God was right, thought Kubera. With each decade, each century of earth time, the definition of wealth changed. The skill and craftsmanship that constituted wealth in one era were replaced by machines that could make everything faster. Speed became wealth and the unique elegance of the lovingly crafted artefact was gone. Barter was replaced by tokens that could be exchanged. Gold and silver, cowrie shells and salt were soon out of circulation and nickel and tin, copper and brass coins jingled in pockets. Specially printed paper was called money and banking became big business. In a while, banknotes were replaced by credit cards. Later, the ubiquitous plastic cards that opened all doors gave place to mice that scampered along a net. One had to take the net on trust: it was invisible. It was also enormously powerful. Kubera, who had seen God, had no problem understanding the concept of an invisible power and he started responding on his state-of-the-art PC.

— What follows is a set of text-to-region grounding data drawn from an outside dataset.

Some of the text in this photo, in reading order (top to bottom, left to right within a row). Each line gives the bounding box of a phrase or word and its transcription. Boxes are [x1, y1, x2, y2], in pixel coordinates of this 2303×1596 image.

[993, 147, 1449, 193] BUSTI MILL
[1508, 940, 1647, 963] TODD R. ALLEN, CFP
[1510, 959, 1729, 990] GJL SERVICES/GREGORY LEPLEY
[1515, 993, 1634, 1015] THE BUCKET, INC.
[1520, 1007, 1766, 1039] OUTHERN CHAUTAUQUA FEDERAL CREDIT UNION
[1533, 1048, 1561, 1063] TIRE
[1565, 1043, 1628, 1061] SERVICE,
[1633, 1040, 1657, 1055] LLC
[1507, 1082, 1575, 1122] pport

Not all human beings yearned for money. Some deliberately spurned it, living simple, austere lives. These people were labelled as "odd" or "eccentric" by the public, unless they were religious recluses and could be more easily slotted. Sometimes, the affluent gave charity to the poor, making up for Kubera's oversight.

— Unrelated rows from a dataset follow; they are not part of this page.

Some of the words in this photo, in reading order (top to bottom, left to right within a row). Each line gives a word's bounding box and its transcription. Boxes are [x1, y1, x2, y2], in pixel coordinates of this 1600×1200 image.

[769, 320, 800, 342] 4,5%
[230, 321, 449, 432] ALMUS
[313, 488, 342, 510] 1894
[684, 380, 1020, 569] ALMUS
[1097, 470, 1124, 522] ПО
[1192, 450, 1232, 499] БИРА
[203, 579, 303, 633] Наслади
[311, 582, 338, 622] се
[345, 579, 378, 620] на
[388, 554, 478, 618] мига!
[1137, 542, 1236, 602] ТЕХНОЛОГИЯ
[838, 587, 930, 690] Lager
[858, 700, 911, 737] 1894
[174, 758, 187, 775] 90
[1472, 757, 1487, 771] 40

A story that made the rounds at that time went like this. The ruling king of Thanjavur was righteous and wanted to make suitable bequests to the deserving. Finding the composer Tyagaraja, saintly and immersed in his devotions, the king considered him most worthy and gave him sixteen houses, hoping that he would never be in need again. On the next meeting, the king enquired gently if the houses were useful. Yes, said the composer. "I have moved into one house." A peculiar response! Kubera wrote up a case study of Tyagaraja for discussion at the next meeting with God. In Kubera's general observations, money was no longer valued for how it could be spent, but for how much of it one could have that wouldn't need to be used.
Much else was happening on our planet. People from temperate climes sailed on the high seas in search of new places to acquire or annexe. Some overcame resistance and settled to govern, others came back with hoarded gold and gems, and sometimes with people they could force to work. When factories were set up and grew in scope and size, there were streams of migration, rather like the Second Law of Thermodynamics. In all these activities, Kubera was the central figure. As always, people prayed to him for money, but now they were smart enough to specify the currency. And gradually, the nature of the "product" changed: it was not something tangible, but information itself. The road to affluence was the Information Highway. Information of any kind, even trivia, was considered to have value. Data on preferences in shampoos, ice cream flavours or walking shoes, of a particular category of people could be sold for a fortune. Electronic process was all and people traded thin air for fog or vice versa on international stock markets.
Kubera considered it about time to report to God. He wanted to complain about being overworked and having more e-mail than he could download. He went to check up with Lakshmi, who told him with a chuckle, "My name originally meant radiance, but earth people are treating it as though it is a synonym for money. There is a temple to my eight forms on the seashore and can you imagine that devotees are queueing up only for my form as Dhana (wealth)? Oh what fools these mortals be!" she said, quoting Shakespeare rather absent-mindedly. Kubera was definitely going to ask for an assistant to be appointed, to handle the millions of money-crazed earth people. She wished him Godspeed.